TASK DIRECTIONS: Retype, exactly and only, each line from the one containing "this 1600×886 image." to the end of the records below.

DATA FOR PROCESSING:
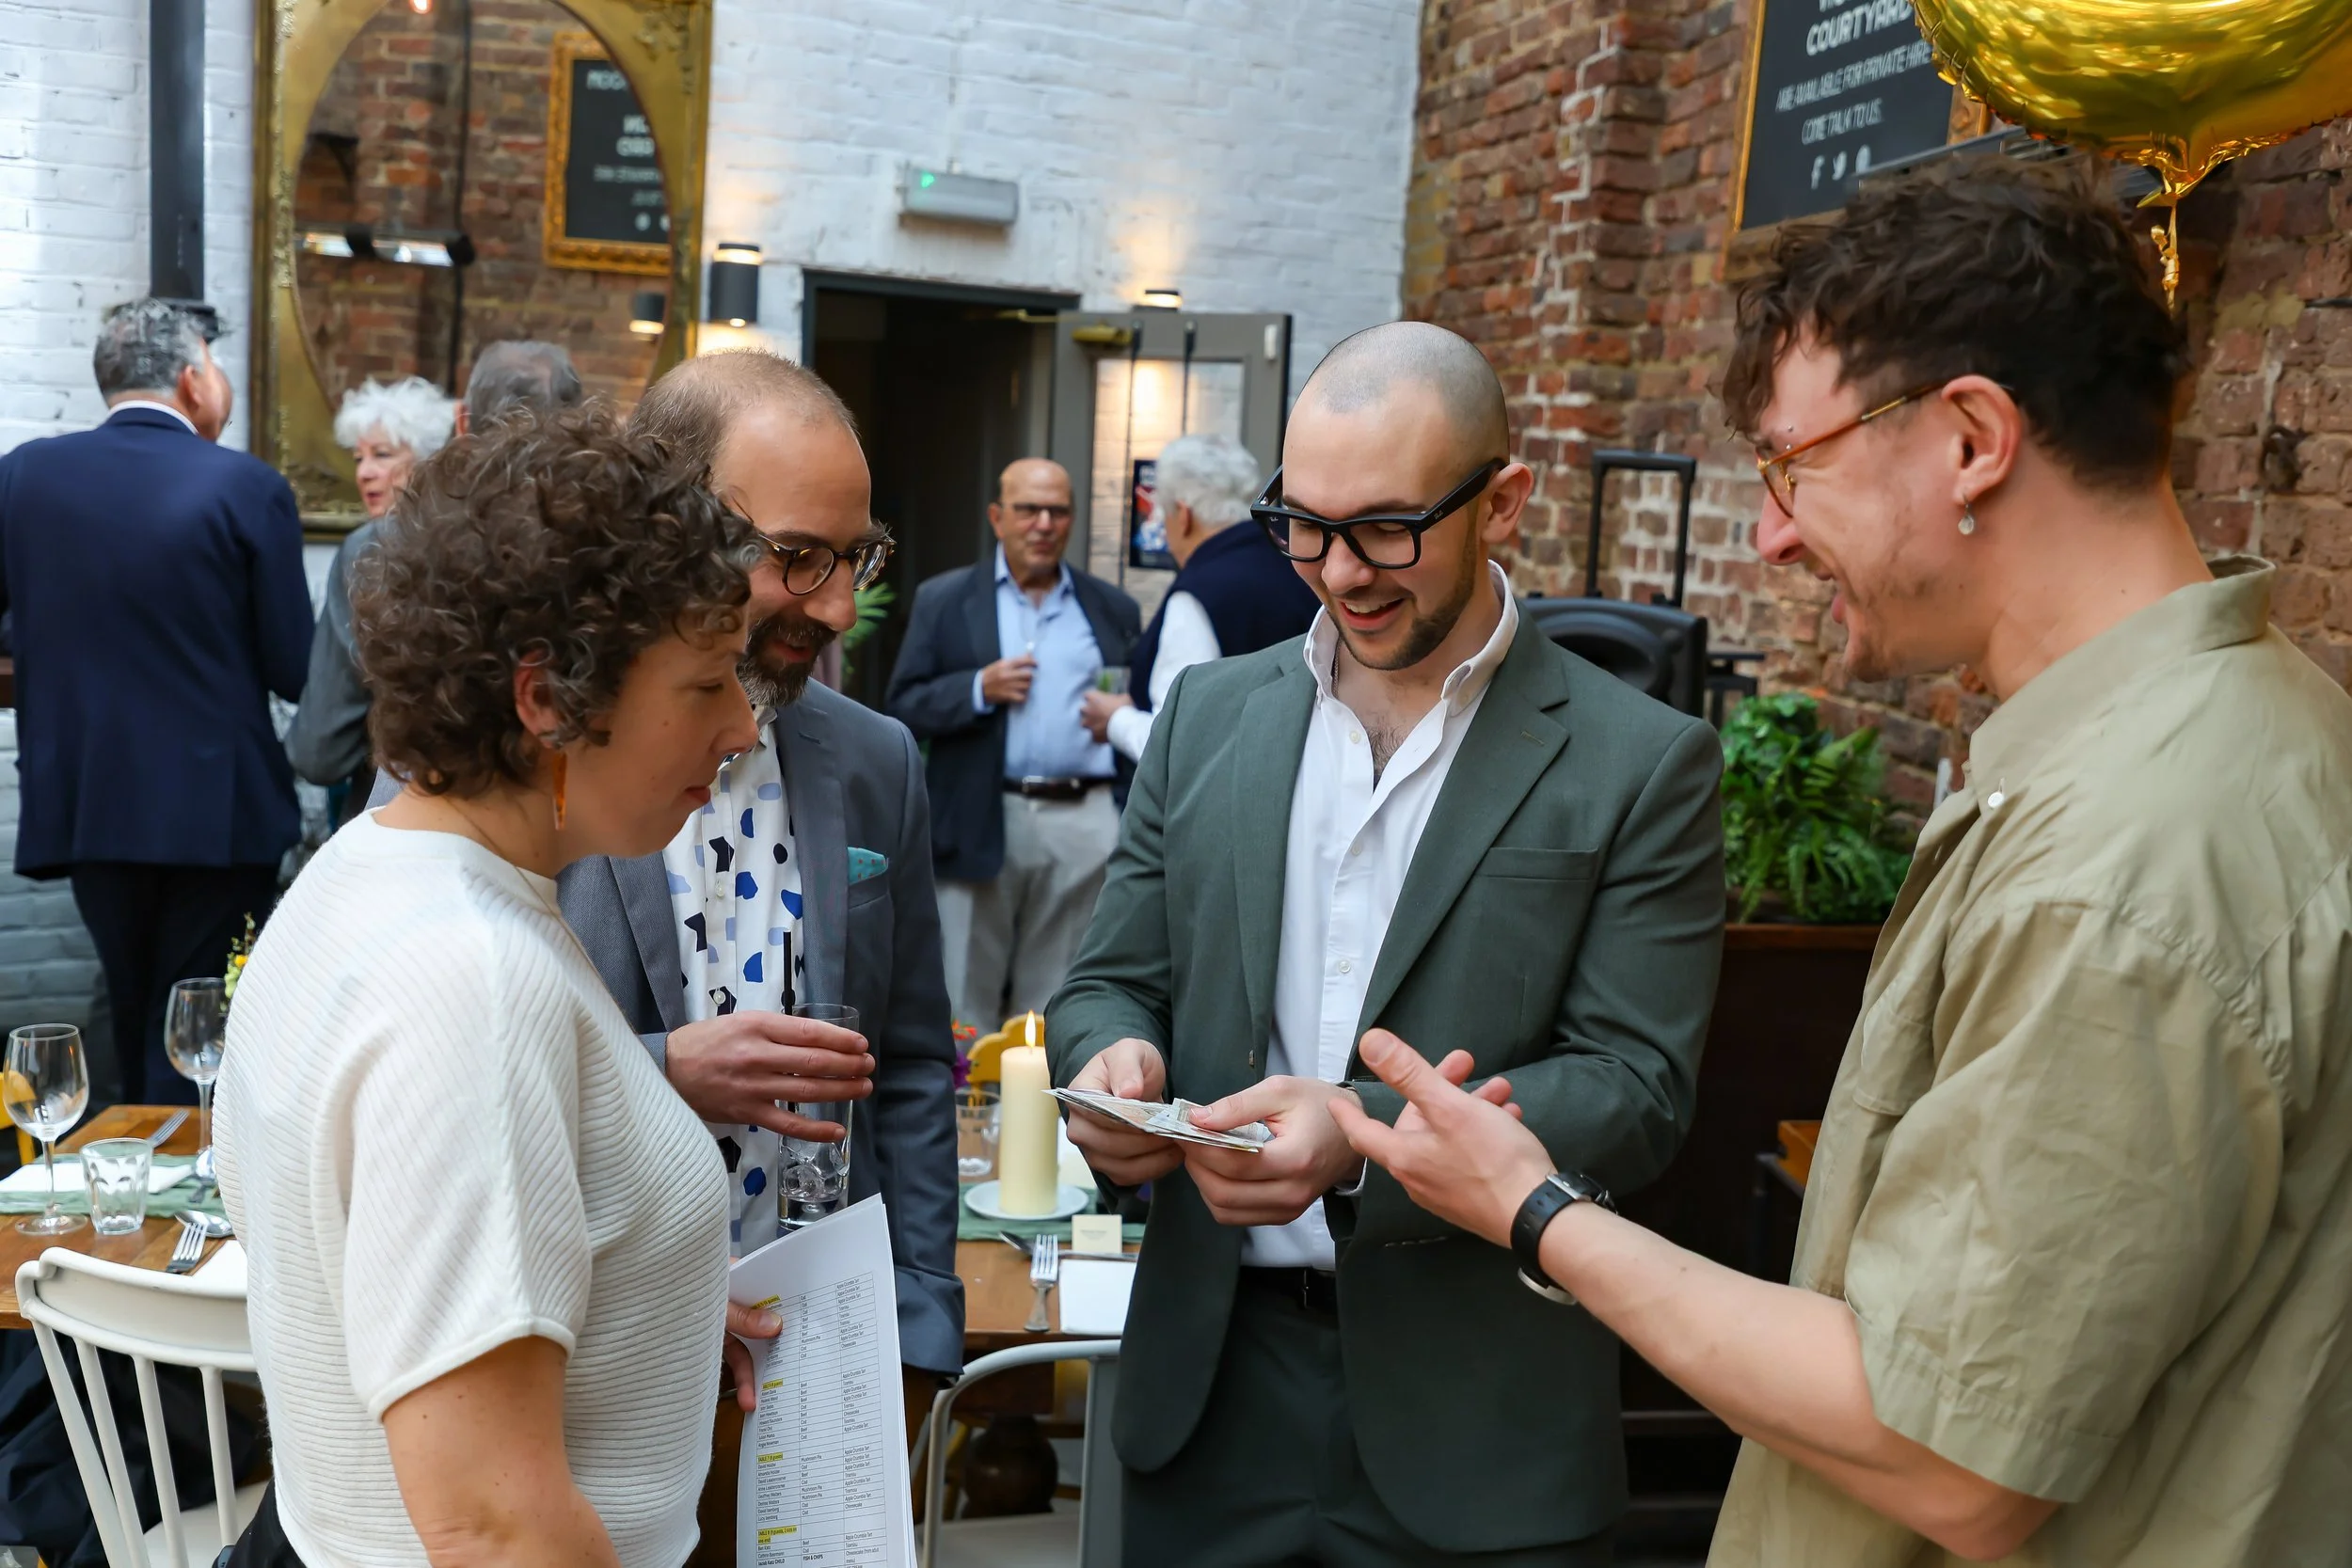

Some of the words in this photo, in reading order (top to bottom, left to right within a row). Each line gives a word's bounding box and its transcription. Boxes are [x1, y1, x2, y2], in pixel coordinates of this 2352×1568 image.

[1806, 0, 1913, 56] COURTYARD
[1775, 85, 1794, 113] ARE
[1794, 68, 1842, 106] AVAILABLE
[1842, 61, 1864, 89] FOR
[1863, 45, 1906, 86] PRIVATE
[1802, 114, 1827, 145] COME
[1827, 105, 1852, 137] TALK
[1851, 103, 1867, 130] TO
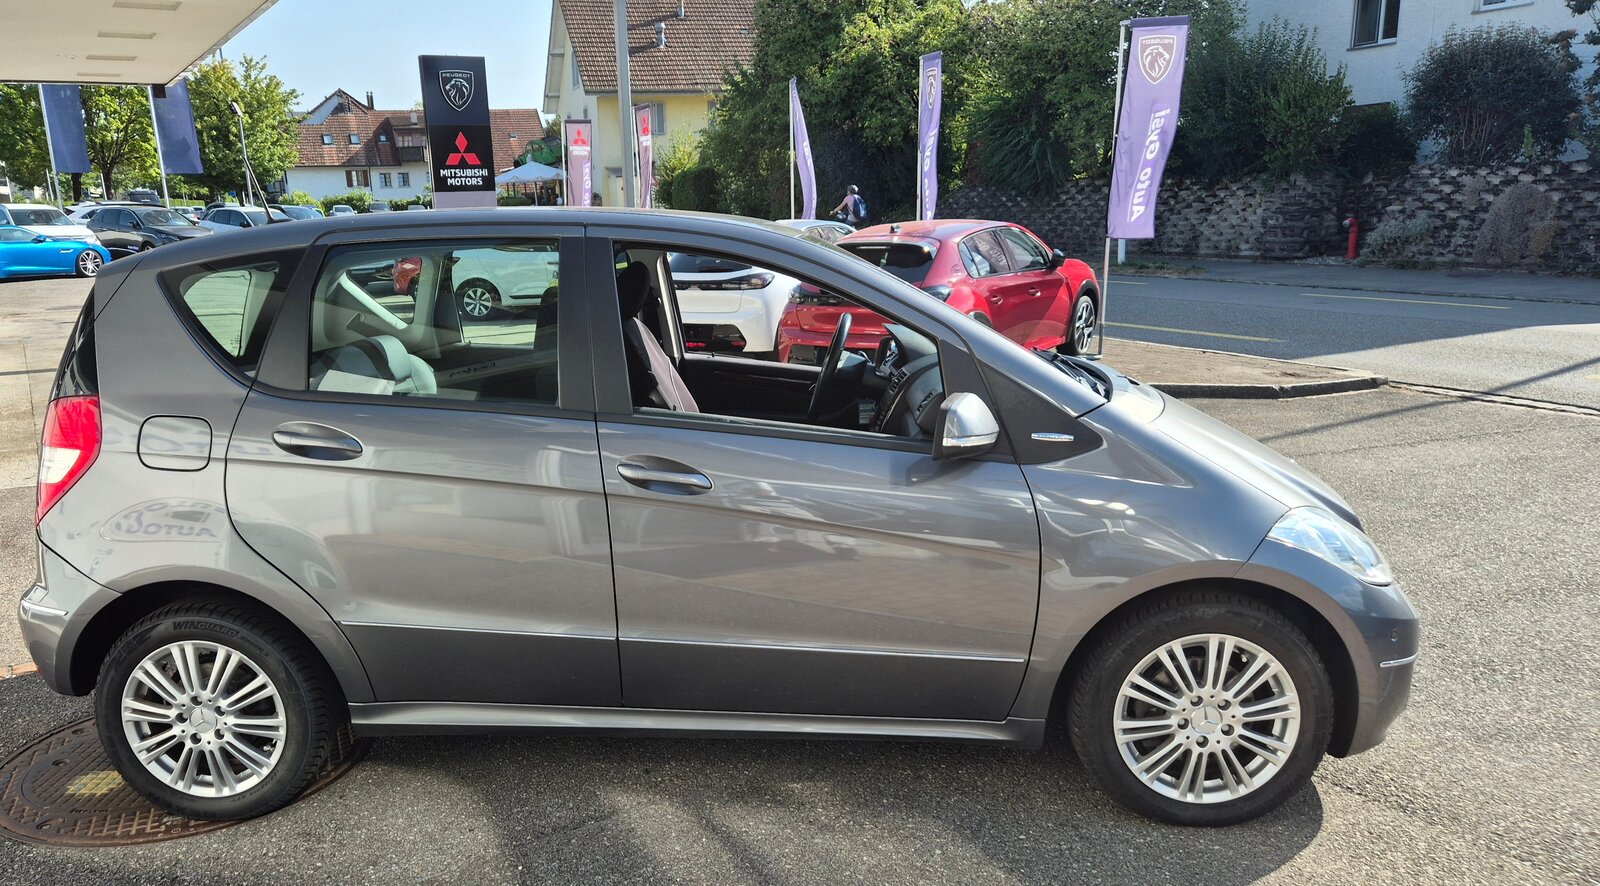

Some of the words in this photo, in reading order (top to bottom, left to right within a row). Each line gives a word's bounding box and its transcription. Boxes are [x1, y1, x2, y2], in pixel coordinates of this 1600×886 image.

[440, 169, 488, 177] MITSUBISHI
[447, 177, 483, 186] MOTORS
[172, 620, 239, 638] WINGUARD

EXERCISE OUTPUT:
Some of the words in this photo, in reading order (top to bottom, left to right within a row). Each line gives a word's bounding box and its transcription. Boxes are [x1, y1, x2, y2], in pixel coordinates of this 1600×886 image.

[440, 169, 488, 177] MITSUBISHI
[447, 177, 483, 186] MOTORS
[172, 620, 239, 638] WINGUARD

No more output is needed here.